COURT OF APPEAL FOR ONTARIO
CITATION: R. v. Doolan, 2015 ONCA 340
DATE: 20150512
DOCKET: C58638
Simmons, Tulloch and Huscroft JJ.A.
BETWEEN
Her Majesty the Queen
Respondent
and
Christopher James Doolan
Appellant
Bruce Simpson, for the appellant
Karen Papadopoulos, for the respondent
Heard and released orally: April 9, 2015
On appeal from the conviction entered on September 30, 2013 by Justice C.S. Dorval of the Ontario Court of Justice.
ENDORSEMENT
[1] The appellant has not met the onus of establishing either that his presumptively valid guilty plea was invalid or that he suffered prejudice amounting to a miscarriage of justice arising from the conduct of his trial counsel.
[2] To be valid, a guilty plea must be voluntary, unequivocal and fully informed. The evidence adduced on appeal demonstrates that the appellant made a conscious decision to plead guilty to aggravated assault some considerable time after the charges were laid and after consulting with three lawyers.
[3] The appellant had the opportunity to review the disclosure prior to pleading guilty. Moreover, he understood that a guilty plea to an aggravated assault charge could result in a jail term and that, as a result of his agreement to plead guilty, and despite the very serious injuries suffered by the victim, the Crown had agreed to drop other charges and seek a jail term of no more than six months.
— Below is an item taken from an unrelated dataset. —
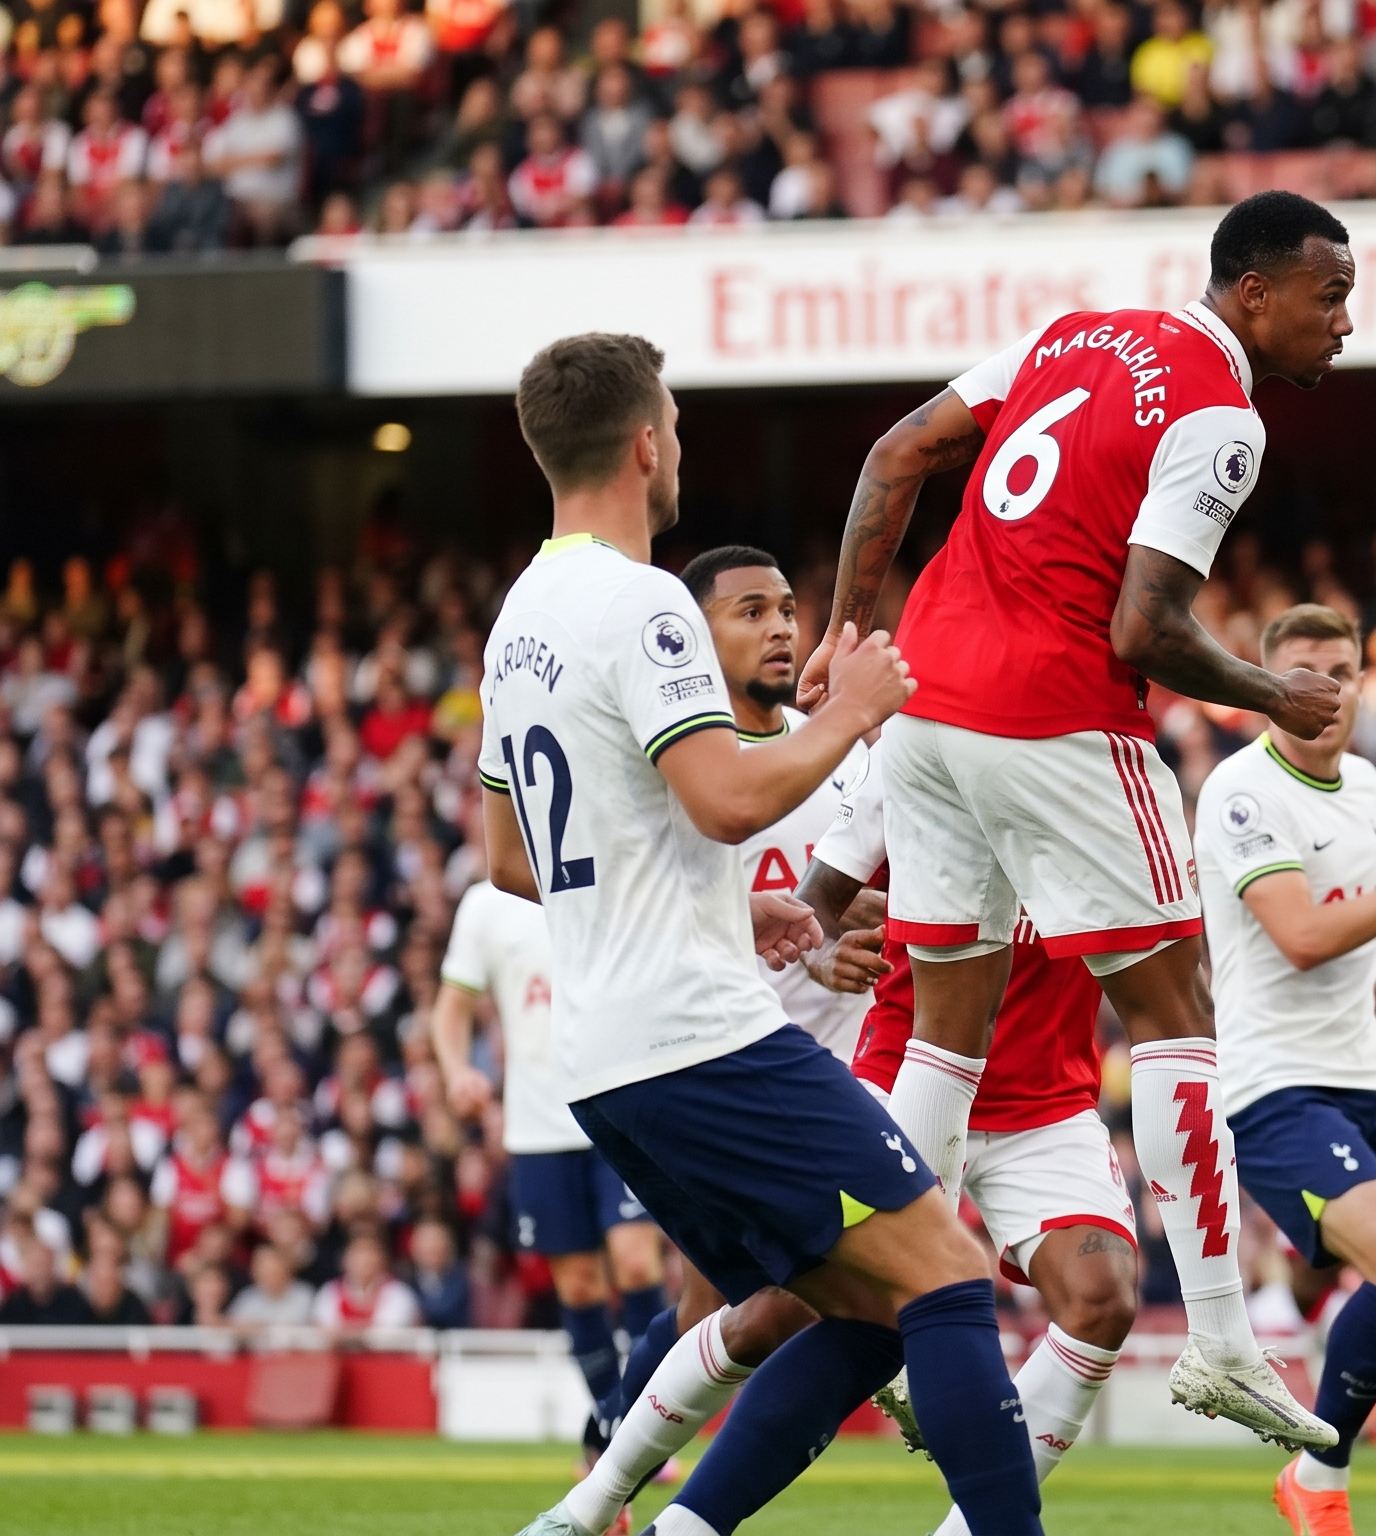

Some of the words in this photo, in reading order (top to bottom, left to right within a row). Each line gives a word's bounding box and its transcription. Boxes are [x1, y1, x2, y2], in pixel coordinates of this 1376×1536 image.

[982, 387, 1091, 521] 6
[489, 636, 563, 706] ARDREN
[501, 725, 595, 893] 12
Although at the time of his guilty plea, the appellant did not agree with all the facts read in before the sentencing judge (such as that he picked up the glass before striking the victim over the head with it), his plea was in no way equivocal.
[4] As for the appellant’s claim of ineffective assistance of counsel, on our review of the record, the appellant has not demonstrated prejudice amounting to a miscarriage of justice because he has not established, based on his current version of the events, a reasonable probability[^1] that he would not have been convicted of aggravated assault following a trial. The appellant claims that he initially struck the victim over the head while holding glass as a reaction to being struck by the victim and that he did not subsequently either deliberately or recklessly strike the victim. In our view, having regard to the injuries suffered by the victim and the statements given by the third party witness on whom the appellant seeks to rely, the latter claim is untenable.
[5] The appeal is therefore dismissed.
“Janet Simmons J.A.”
“M. Tulloch J.A.”
“Grant Huscroft J.A.”
[^1]: In this context, a reasonable probability lies somewhere between a mere possibility and a likelihood: R. v. Joanisse, 1995 CanLII 3507 (ON CA), [1995] O.J. No.2883 (C.A.), at para. 80; leave to appeal to S.C.C. refused, [1996] S.C.C.A. No. 347.